### EXERCISE OBJECTIVE
Write all of the entries again. Keep them exactly as they are.

►

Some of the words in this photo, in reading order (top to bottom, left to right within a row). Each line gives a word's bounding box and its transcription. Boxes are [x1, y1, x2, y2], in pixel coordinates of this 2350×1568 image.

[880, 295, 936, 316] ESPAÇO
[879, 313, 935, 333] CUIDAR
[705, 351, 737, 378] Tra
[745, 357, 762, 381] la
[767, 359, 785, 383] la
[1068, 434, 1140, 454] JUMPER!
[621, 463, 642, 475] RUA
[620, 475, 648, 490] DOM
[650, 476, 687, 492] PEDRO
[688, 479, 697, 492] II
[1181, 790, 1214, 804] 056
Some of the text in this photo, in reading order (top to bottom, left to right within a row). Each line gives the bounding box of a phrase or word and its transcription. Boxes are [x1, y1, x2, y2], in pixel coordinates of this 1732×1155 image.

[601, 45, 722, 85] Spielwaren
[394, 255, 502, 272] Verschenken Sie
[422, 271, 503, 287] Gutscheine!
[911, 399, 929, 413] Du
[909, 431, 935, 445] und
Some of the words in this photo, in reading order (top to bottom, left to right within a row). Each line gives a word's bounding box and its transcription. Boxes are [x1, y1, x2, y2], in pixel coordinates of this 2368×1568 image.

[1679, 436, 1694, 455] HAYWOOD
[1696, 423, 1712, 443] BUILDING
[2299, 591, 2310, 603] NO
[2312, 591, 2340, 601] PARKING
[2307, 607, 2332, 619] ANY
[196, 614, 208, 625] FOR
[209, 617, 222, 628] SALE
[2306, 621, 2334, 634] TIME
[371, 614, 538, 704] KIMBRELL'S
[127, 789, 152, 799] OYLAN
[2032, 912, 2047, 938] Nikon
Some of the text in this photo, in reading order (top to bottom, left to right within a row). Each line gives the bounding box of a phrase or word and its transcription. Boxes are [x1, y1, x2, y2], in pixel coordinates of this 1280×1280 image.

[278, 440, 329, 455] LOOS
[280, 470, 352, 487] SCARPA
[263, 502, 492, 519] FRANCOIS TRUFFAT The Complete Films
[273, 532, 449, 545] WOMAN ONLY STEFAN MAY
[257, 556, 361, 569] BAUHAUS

◄

### ANSWER TO THE EXERCISE
Some of the words in this photo, in reading order (top to bottom, left to right within a row). Each line gives a word's bounding box and its transcription. Boxes are [x1, y1, x2, y2], in pixel coordinates of this 2350×1568 image.

[880, 295, 936, 316] ESPAÇO
[879, 313, 935, 333] CUIDAR
[705, 351, 737, 378] Tra
[745, 357, 762, 381] la
[767, 359, 785, 383] la
[1068, 434, 1140, 454] JUMPER!
[621, 463, 642, 475] RUA
[620, 475, 648, 490] DOM
[650, 476, 687, 492] PEDRO
[688, 479, 697, 492] II
[1181, 790, 1214, 804] 056
Some of the text in this photo, in reading order (top to bottom, left to right within a row). Each line gives the bounding box of a phrase or word and its transcription. Boxes are [x1, y1, x2, y2], in pixel coordinates of this 1732×1155 image.

[601, 45, 722, 85] Spielwaren
[394, 255, 502, 272] Verschenken Sie
[422, 271, 503, 287] Gutscheine!
[911, 399, 929, 413] Du
[909, 431, 935, 445] und
Some of the words in this photo, in reading order (top to bottom, left to right within a row). Each line gives a word's bounding box and its transcription. Boxes are [x1, y1, x2, y2], in pixel coordinates of this 2368×1568 image.

[1679, 436, 1694, 455] HAYWOOD
[1696, 423, 1712, 443] BUILDING
[2299, 591, 2310, 603] NO
[2312, 591, 2340, 601] PARKING
[2307, 607, 2332, 619] ANY
[196, 614, 208, 625] FOR
[209, 617, 222, 628] SALE
[2306, 621, 2334, 634] TIME
[371, 614, 538, 704] KIMBRELL'S
[127, 789, 152, 799] OYLAN
[2032, 912, 2047, 938] Nikon
Some of the text in this photo, in reading order (top to bottom, left to right within a row). Each line gives the bounding box of a phrase or word and its transcription. Boxes are [x1, y1, x2, y2], in pixel coordinates of this 1280×1280 image.

[278, 440, 329, 455] LOOS
[280, 470, 352, 487] SCARPA
[263, 502, 492, 519] FRANCOIS TRUFFAT The Complete Films
[273, 532, 449, 545] WOMAN ONLY STEFAN MAY
[257, 556, 361, 569] BAUHAUS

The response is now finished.